Trust me, I don’t. I learn a new rule every day, and the scary thing is that I’m
never sure that the rule is hard and fast.
It’s a fact that the majority of editors
working in small press are authors as well, and possibly some that haven’t been
writing very long themselves. Could it be they are just passing along what they’ve
learned? I’ve found that some of what I’ve been told isn’t exactly true, but I think
some of the examples I can share with you today make sense. For example: Overusing
He/She if you’ve made it clear whose POV your in at the moment. Read these two paragraphs
and see which sounds more polished.
John smelled Joan’s perfume as she
twirled by him on the dance floor. He envied the man who held her in his arms. He
believed she was the most beautiful woman in the room, and he vowed to ask her to
dance the next time the orchestra played a slow song. He intended to be the one
to take her home tonight.
John inhaled the sweet smell of Joan’s
perfume as she twirled by him on the dance floor. The man who held her in his arms
was one lucky guy. Before the evening ended, John intended to share a slow dance
with her, and if his prayers were answered, he’d be the one to take her home.

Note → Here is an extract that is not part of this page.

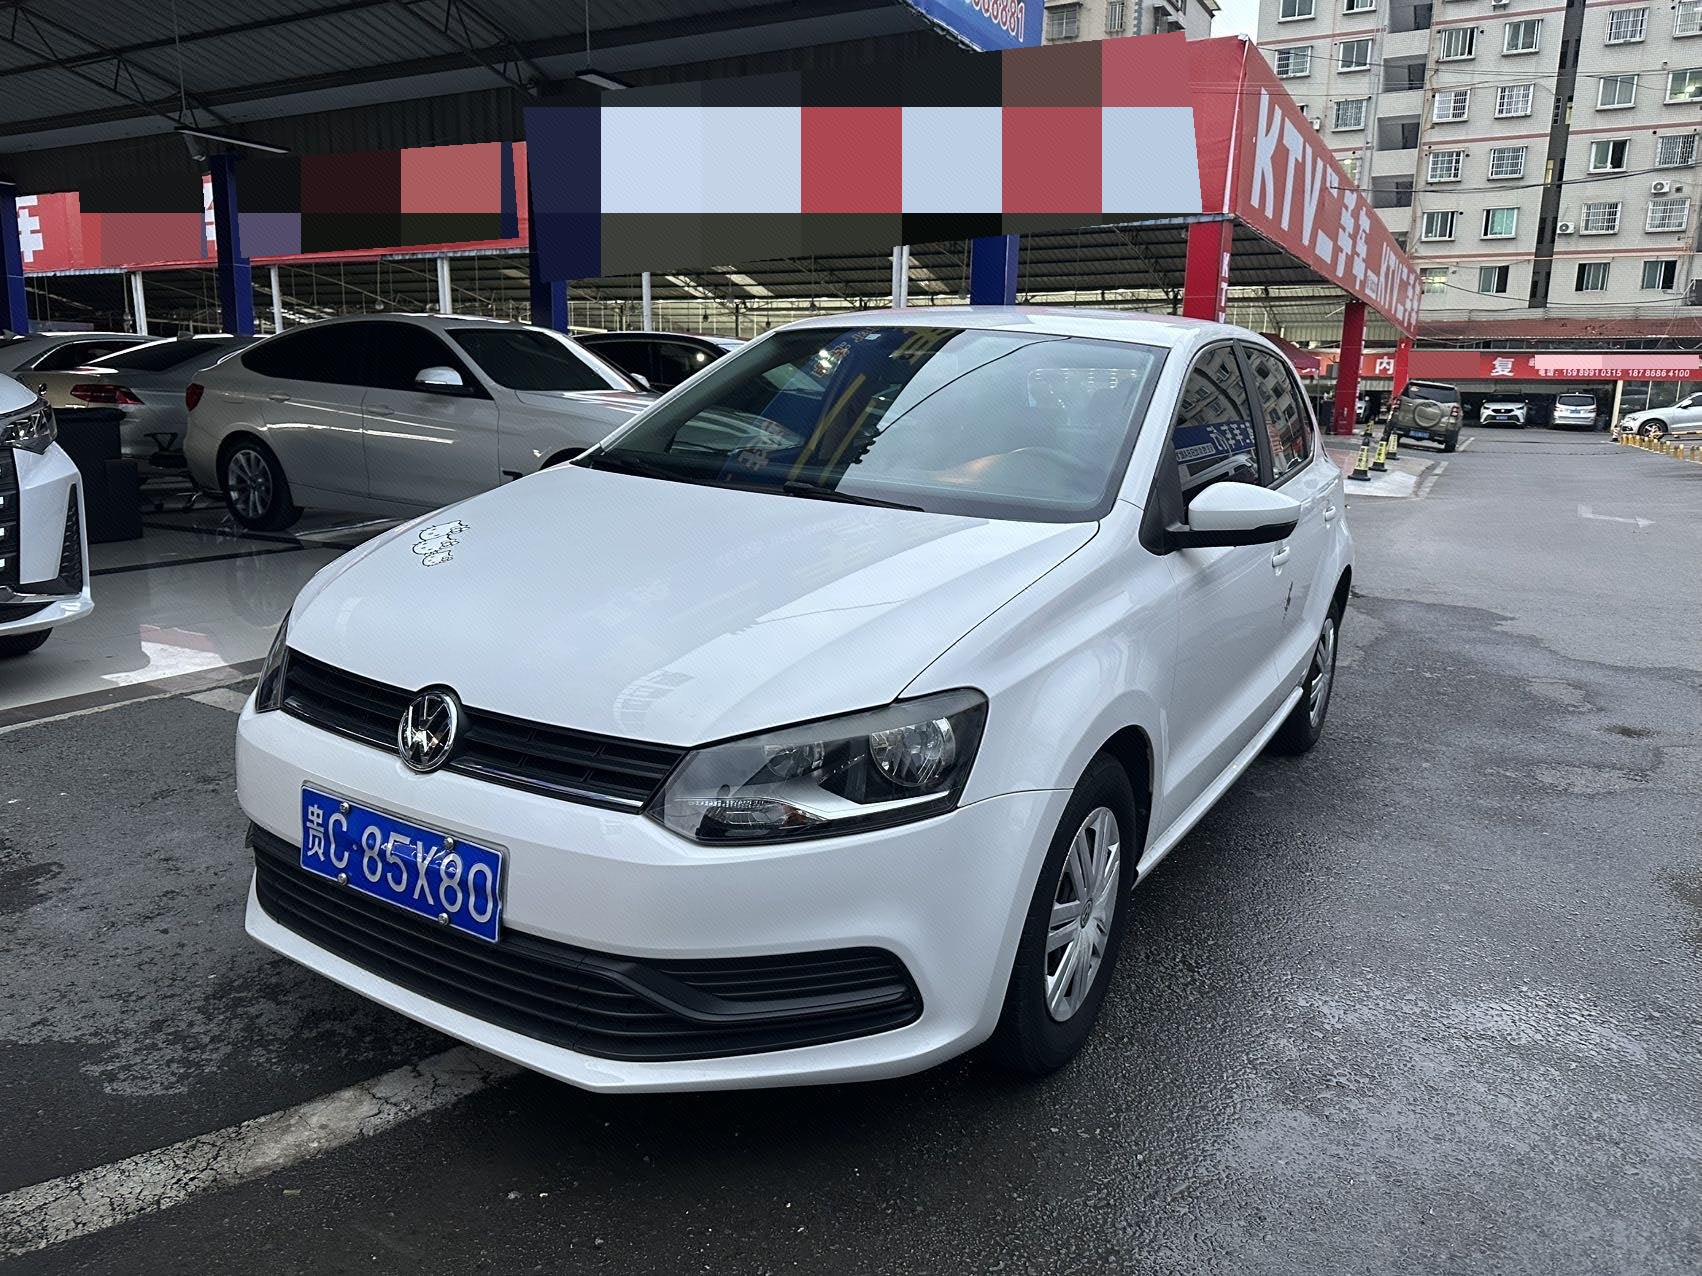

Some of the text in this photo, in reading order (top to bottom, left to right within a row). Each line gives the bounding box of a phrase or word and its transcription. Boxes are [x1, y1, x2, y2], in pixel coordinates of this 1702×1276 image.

[971, 0, 1025, 43] 8881
[1250, 87, 1371, 290] KTV二手车
[1374, 355, 1394, 375] 内
[1490, 357, 1515, 376] 复

See, you don’t need he envied, he
believed, he intended. You’ve let the reader know by John enjoying the aroma of
Joan’s perfume that we’re in his POV, so anything you type should be interpreted
as his perspective.
Another pet peeve are needless tags.
It’s always best to use an action tag in place of he said, she said, but if you
end the dialogue with a question mark, do you really need to say, she asked? I think
the punctuation is a big hint. *smile* When only two people are in the room, using
the character’s names over and over becomes redundant. The reader is usually smart
enough to determine who is talking, and if you need to clarify, you can say something
like: “Are you crazy?” John’s eyes widened beneath a furrowed brow.
Editors become very important in keeping
the redundancy out of the story line. Authors don’t usually write an entire book
in one setting, so it’s very hard to remember everything you’ve already written.

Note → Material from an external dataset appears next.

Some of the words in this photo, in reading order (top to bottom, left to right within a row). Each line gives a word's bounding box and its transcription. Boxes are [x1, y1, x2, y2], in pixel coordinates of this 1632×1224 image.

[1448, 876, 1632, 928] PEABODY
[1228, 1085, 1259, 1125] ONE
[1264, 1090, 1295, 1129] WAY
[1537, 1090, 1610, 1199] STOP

For example: If you’ve pointed out to the reader that the heroine broke her leg
by falling off a horse, it isn’t necessary to repeat that information again in dialogue
with someone and then add it in a descriptive paragraph pages later. Readers, me
included, roll their eyes and say, “enough already…I know, I know.”

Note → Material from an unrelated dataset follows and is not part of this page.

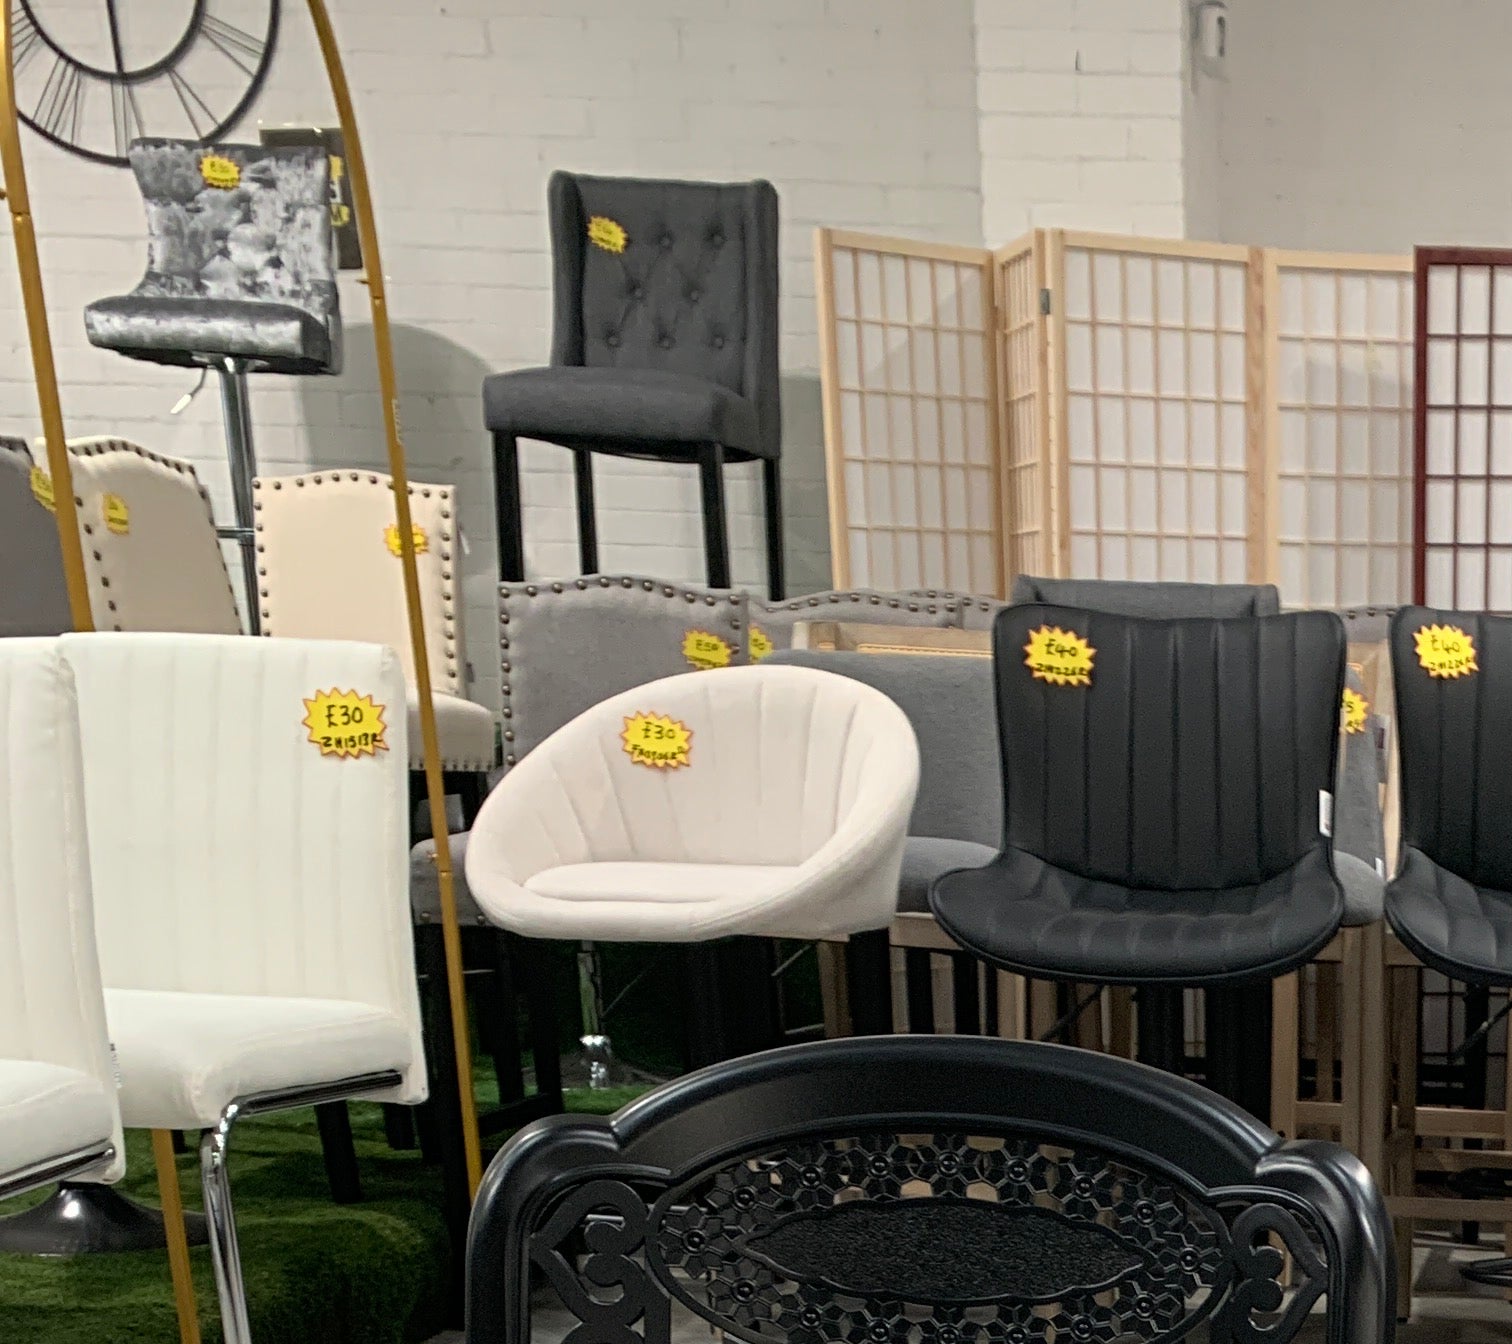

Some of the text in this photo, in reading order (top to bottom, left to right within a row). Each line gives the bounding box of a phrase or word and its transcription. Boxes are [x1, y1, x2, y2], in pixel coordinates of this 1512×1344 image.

[1044, 638, 1078, 658] £40
[325, 704, 363, 728] £30
[641, 721, 676, 739] £30

Since I don’t plot my stories and
find my memory isn’t what it used to be, I’ve taken to making notes about the physical
attributes of my characters. It’s quite easy to describe sky blue eyes in one chapter
and chocolate brown in another further down the line. Unless you’re writing from
the perspective of an Australian Shepherd, both eyes should be the same color and
remain that way throughout the story.
As an historical author, I learned
long ago, and I’m still learning, that you really need to be on guard to assure
your language is appropriate for the period about which you write. I’ve read some
love scenes lately that left me shaking my head because of the present day terminology
used for body parts. It’s really not believable that an Indian brave would bust
out with the word “clitoris.”
I’ve found the online Etymology dictionary
most helpful in determining the origin of most words, but judgement helps too. Think
about your story’s time period and how people spoke. While you might find word origins
described from the 1500s, that doesn’t mean they were used all over the globe. Example:
Ma/Maw/Momma is how a child addressed their female parent rather than just Mom in
1840. Although “kid” has been a word for a long time, the manner in which
it was used in the 1800s most often referred to a baby goat. Children were not kids,
but you could kid with them (tease). Historical credibility is all a matter of knowing
your time period and doing your research. Trust me, if you make a mistake, someone
will notice and let you know.

My most recent editor pointed out
her amazement that my heroine still had a bottom lip as she constantly chewed on
it. *lol* It’s so easy to utilize the same action without realizing you’ve overdone
it. Here again, that’s because we don’t write books in one sitting nor do we usually
go back and re-read the previous chapters. Thank God for those who devote their
time and talents to making us stop and think about our writing habits. What would
we do without our editors…internal and external?

Reviewing Books, Yay or Nay? by Ginger Simpson was first blogged here and is used with permission.